## What you need to do
Return every entry below exactly as written, minus the pictures.

---------- Data extracts

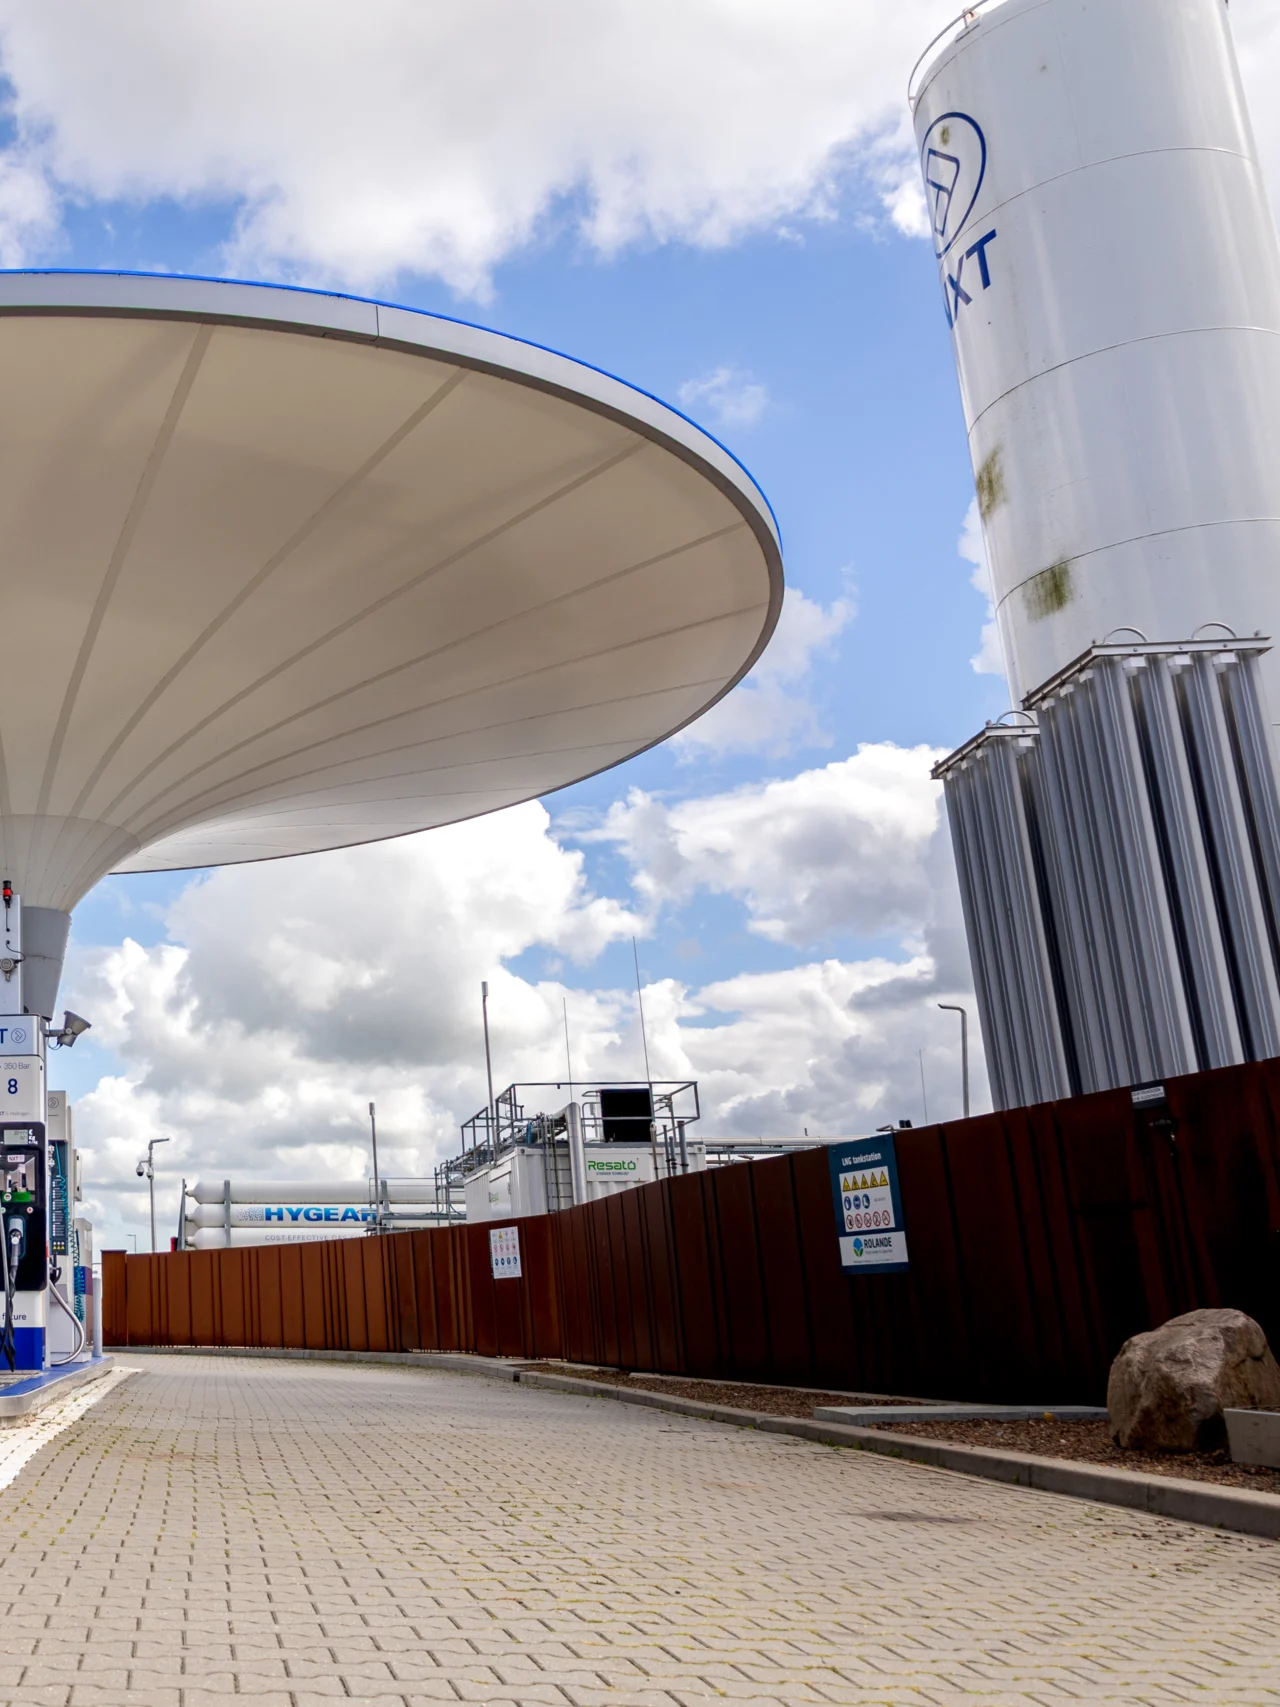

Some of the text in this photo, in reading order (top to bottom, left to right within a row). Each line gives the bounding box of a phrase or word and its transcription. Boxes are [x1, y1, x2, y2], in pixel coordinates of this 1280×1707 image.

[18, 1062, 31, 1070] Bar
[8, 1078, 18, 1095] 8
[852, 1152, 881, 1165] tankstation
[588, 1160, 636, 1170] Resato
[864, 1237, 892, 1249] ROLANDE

--------------------

## The answer
Some of the text in this photo, in reading order (top to bottom, left to right within a row). Each line gives the bounding box of a phrase or word and its transcription. Boxes are [x1, y1, x2, y2], in pixel coordinates of this 1280×1707 image.

[18, 1062, 31, 1070] Bar
[8, 1078, 18, 1095] 8
[852, 1152, 881, 1165] tankstation
[588, 1160, 636, 1170] Resato
[864, 1237, 892, 1249] ROLANDE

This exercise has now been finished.